WORK ITEM:
Line by line, transcribe the listing below exactly.

RECORD EXTRACTS:
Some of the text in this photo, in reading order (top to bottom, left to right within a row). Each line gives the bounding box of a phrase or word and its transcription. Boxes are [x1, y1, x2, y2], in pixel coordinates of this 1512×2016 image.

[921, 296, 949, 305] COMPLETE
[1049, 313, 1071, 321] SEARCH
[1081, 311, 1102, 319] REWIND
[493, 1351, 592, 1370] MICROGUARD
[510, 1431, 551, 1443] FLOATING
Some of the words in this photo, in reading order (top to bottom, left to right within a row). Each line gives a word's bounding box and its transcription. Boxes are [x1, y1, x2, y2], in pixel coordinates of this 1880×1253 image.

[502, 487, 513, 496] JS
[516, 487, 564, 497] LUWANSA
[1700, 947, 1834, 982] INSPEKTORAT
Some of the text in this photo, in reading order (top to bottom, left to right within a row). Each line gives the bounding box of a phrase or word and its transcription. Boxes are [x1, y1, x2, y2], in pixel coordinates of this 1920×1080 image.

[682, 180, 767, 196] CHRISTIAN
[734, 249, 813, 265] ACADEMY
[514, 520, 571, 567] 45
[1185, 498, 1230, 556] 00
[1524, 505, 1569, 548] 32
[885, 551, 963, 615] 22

RESULT:
Some of the text in this photo, in reading order (top to bottom, left to right within a row). Each line gives the bounding box of a phrase or word and its transcription. Boxes are [x1, y1, x2, y2], in pixel coordinates of this 1512×2016 image.

[921, 296, 949, 305] COMPLETE
[1049, 313, 1071, 321] SEARCH
[1081, 311, 1102, 319] REWIND
[493, 1351, 592, 1370] MICROGUARD
[510, 1431, 551, 1443] FLOATING
Some of the words in this photo, in reading order (top to bottom, left to right within a row). Each line gives a word's bounding box and its transcription. Boxes are [x1, y1, x2, y2], in pixel coordinates of this 1880×1253 image.

[502, 487, 513, 496] JS
[516, 487, 564, 497] LUWANSA
[1700, 947, 1834, 982] INSPEKTORAT
Some of the text in this photo, in reading order (top to bottom, left to right within a row). Each line gives the bounding box of a phrase or word and its transcription. Boxes are [x1, y1, x2, y2], in pixel coordinates of this 1920×1080 image.

[682, 180, 767, 196] CHRISTIAN
[734, 249, 813, 265] ACADEMY
[514, 520, 571, 567] 45
[1185, 498, 1230, 556] 00
[1524, 505, 1569, 548] 32
[885, 551, 963, 615] 22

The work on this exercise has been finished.